Losing a loved one is never easy. In addition to grieving a loss, there are financial challenges that may arise, including debt repayment. The issue of debt can become even more complicated after death. Does debt transfer to a living spouse? When can debt be forgiven? Read on for a brief outline of what happens when a person passes away and has debt.
Who Is Responsible for Remaining Debt?
The obligation for debt repayment almost always falls on the estate of the deceased. The term “estate” refers to all assets belonging to the person who has died. This may include savings accounts, stock market investments, retirement accounts such as a 401(k) or IRA, real estate, a car, personal possessions and so on. If unpaid debts are left behind, creditors will expect to collect money from the estate of the deceased. Creditors have a certain amount of time to file a claim against the estate, which varies depending on state laws. In Massachusetts, creditors have twelve months from the date of death to make a claim.
Can Debt Transfer to a Spouse or Family Members?
In most cases, the answer is: No. Family members and spouses are not legally responsible for paying off the debt of someone who has died, and lenders will not expect to receive money from anywhere except the deceased’s estate. If the deceased person’s estate is not able to cover the debt, collectors may have to claim a loss. However, family of the deceased may be contacted if they were a joint account owner with the person who has passed away or if they jointly borrowed money as co-signer on a loan. In cases like these where the debt is shared, the surviving borrower would be responsible for all remaining debt.
What Happens to Outstanding Medical Bills?
When medical debt remains after death, it is usually covered by the estate of the deceased. If the estate is insolvent—meaning there’s not enough money to cover outstanding debt—survivors are typically not responsible for medical bills. Still, around half the states in the US, including Massachusetts, do have a filial law on the books, which technically says that adult children are financially responsible for their parents’ medical care. This means that a family member could be sued to cover outstanding medical bills. In practice however, it’s much more common for medical bills to be paid out by an estate, covered by Medicare, or deemed an unrecoverable loss by the medical institution. If you have any concerns in this area, speak with a lawyer.
Is It Legal for Debt Collectors to Contact Family?

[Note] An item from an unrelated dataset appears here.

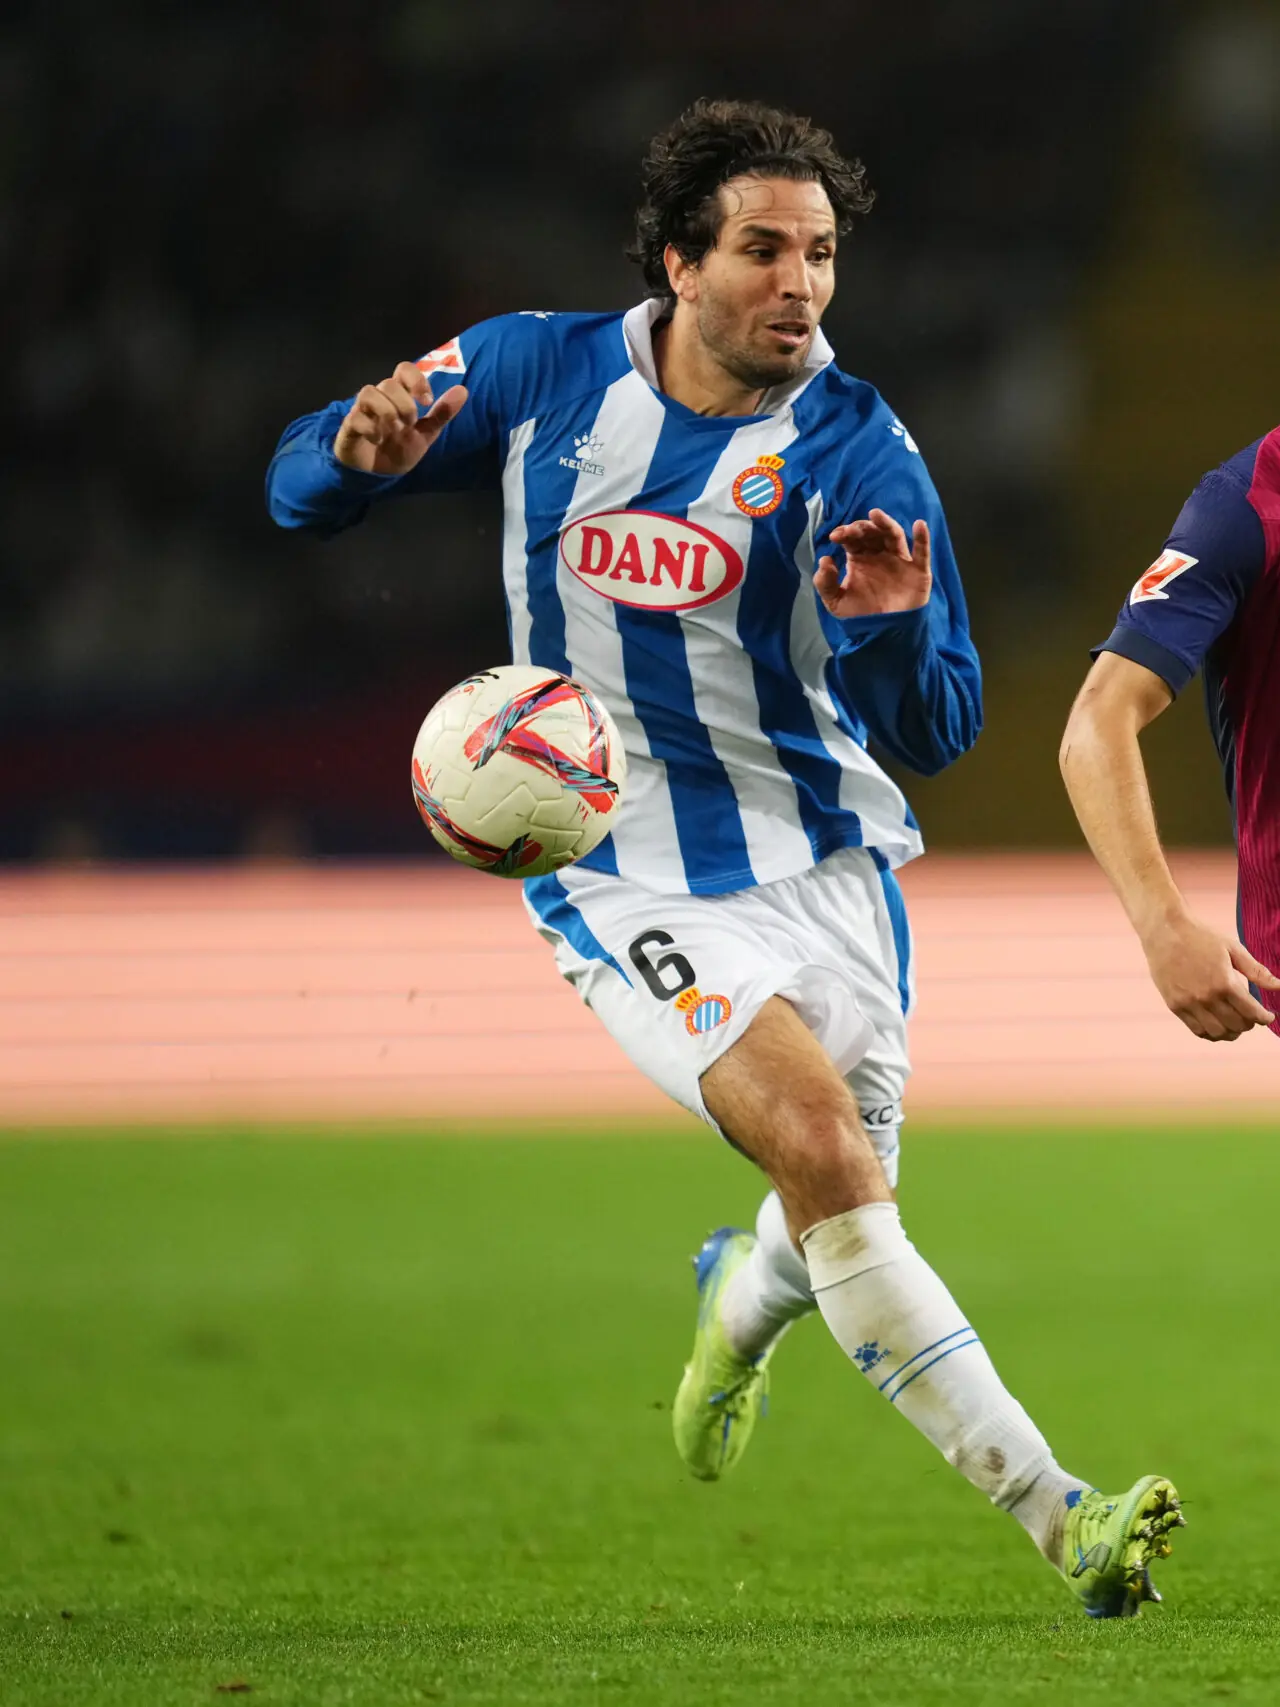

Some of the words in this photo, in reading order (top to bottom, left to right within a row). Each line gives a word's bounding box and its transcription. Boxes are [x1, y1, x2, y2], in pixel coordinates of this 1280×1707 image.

[559, 456, 605, 476] KELME
[577, 526, 710, 592] DANI
[628, 929, 697, 1001] 6

Debt collectors are generally allowed to contact the spouse or other family of the deceased about recouping money owed, and you are allowed to ask questions and get more information about the debt in question. However, debt collectors cannot make untrue claims about debt responsibility, and family of the deceased have the right to tell debt collectors when and how they may be contacted. If you are receiving an excessive number of calls or communications from a debt collector, ask for details of the debt in writing and keep careful track of any communication between yourself and the debt collector. Be aware that scammers may try to capitalize on a death to commit fraud, so if you have any doubts about the legitimacy of the debt in question, contact a lawyer or get more information from the Federal Trade Commission.
Sorting out paperwork and debt after a death can be taxing—emotionally, mentally, and financially. Depending on your income, you may qualify for free legal aid or other Eldercare support services. Head online to find local services available in your area, or speak to friends and family who may have recently experienced a similar situation. Many employers also offer Employee Assistance Program (EAP) that can provide free resources to help families after the loss of a loved one.